For mutating methods (and large structs), use a pointer receiver:
func (u *User) SetEmail(email string) {
u.Email = email
}
alice := &User{Name: "Alice"}
alice.SetEmail("a@x.com") // mutates the original
Go automatically takes the address when you call a pointer-receiver method on an addressable value:
alice := User{Name: "Alice"} // value, not pointer
alice.SetEmail("a@x.com") // Go calls (&alice).SetEmail(...)
Pointer or value?
Three rules:
- The method needs to mutate the receiver? Pointer receiver.
- The receiver is large (more than a few words)? Pointer receiver to skip the copy.
- All other methods on the same type use a pointer receiver? Match them for consistency.
Otherwise value receivers are fine. They're cheaper for small types, and they make the type usable as a map key.
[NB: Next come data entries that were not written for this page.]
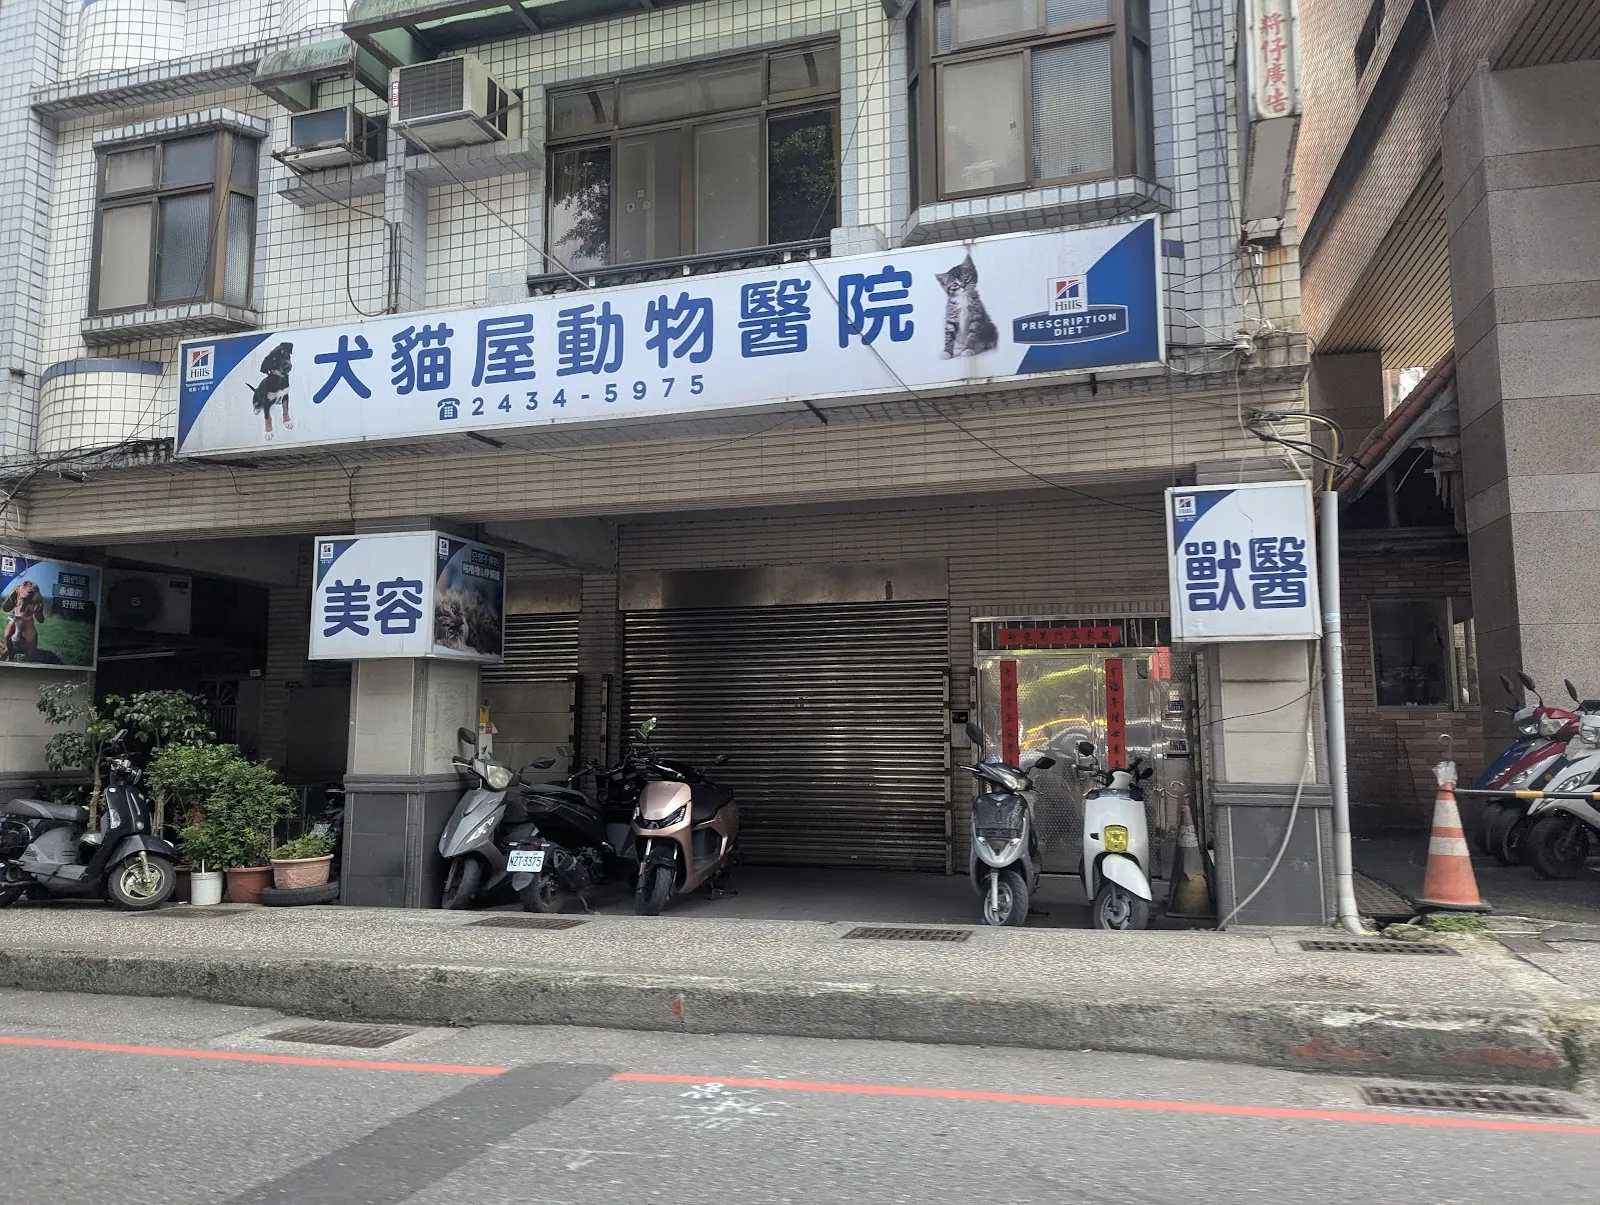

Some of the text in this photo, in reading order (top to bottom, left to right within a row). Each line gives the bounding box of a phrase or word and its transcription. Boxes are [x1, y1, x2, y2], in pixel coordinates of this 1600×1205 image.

[1021, 312, 1118, 331] PRESCRIPTION
[1054, 300, 1083, 312] Hill's
[312, 265, 915, 405] 犬貓屋動物醫院
[190, 367, 210, 378] Hill's
[471, 374, 704, 417] 2434-5975
[1184, 536, 1308, 611] 獸醫
[323, 576, 424, 638] 美容
[509, 856, 542, 867] NZT-3375
Embedding (Go's "inheritance")
Embed a type to "promote" its fields and methods:
type Timestamped struct {
CreatedAt time.Time
UpdatedAt time.Time
}
type User struct {
Timestamped // embedded — no field name
Name string
Email string
}
u := User{
Timestamped: Timestamped{CreatedAt: time.Now()},
Name: "Alice",
}
u.CreatedAt // works — promoted from Timestamped
u.Timestamped.CreatedAt // also works — explicit access
Embedding gives you composition with sugar, not classical inheritance. There's no super(); if User defines its own String() method it simply hides the embedded one. To call the embedded method explicitly: u.Timestamped.String().
Constructors
Go has no __init__ / constructor. The convention is a New<Type> function:
func NewUser(name, email string) (*User, error) {
if !strings.Contains(email, "@") {
return nil, errors.New("invalid email")
}
return &User{
Timestamped: Timestamped{CreatedAt: time.Now()},
Name: name,
Email: email,
}, nil
}
Returning (value, error) lets the constructor reject bad inputs without panicking.
Tags
Struct fields can carry "tags" — string metadata that libraries (json, db, validate) read at runtime:
type User struct {
Name string `json:"name" db:"user_name"`
Email string `json:"email,omitempty" db:"email"`
Age int `json:"age,omitempty" db:"age"`
}
encoding/json reads the json: tag to know which JSON key to map to. ORM libraries do the same with their own tag prefix. The string format is unstructured — packages parse it however they like.
Comparing structs
Two structs are == if their fields are equal pairwise — but only if all fields are comparable types (no slices, maps, or functions inside):
type Point struct {
X, Y int
}
Point{1, 2} == Point{1, 2} // true
type Bag struct {
Items []string
}
Bag{[]string{"x"}} == Bag{[]string{"x"}} // compile error: slices not comparable
For deep comparisons, use reflect.DeepEqual (or, in tests, cmp.Diff).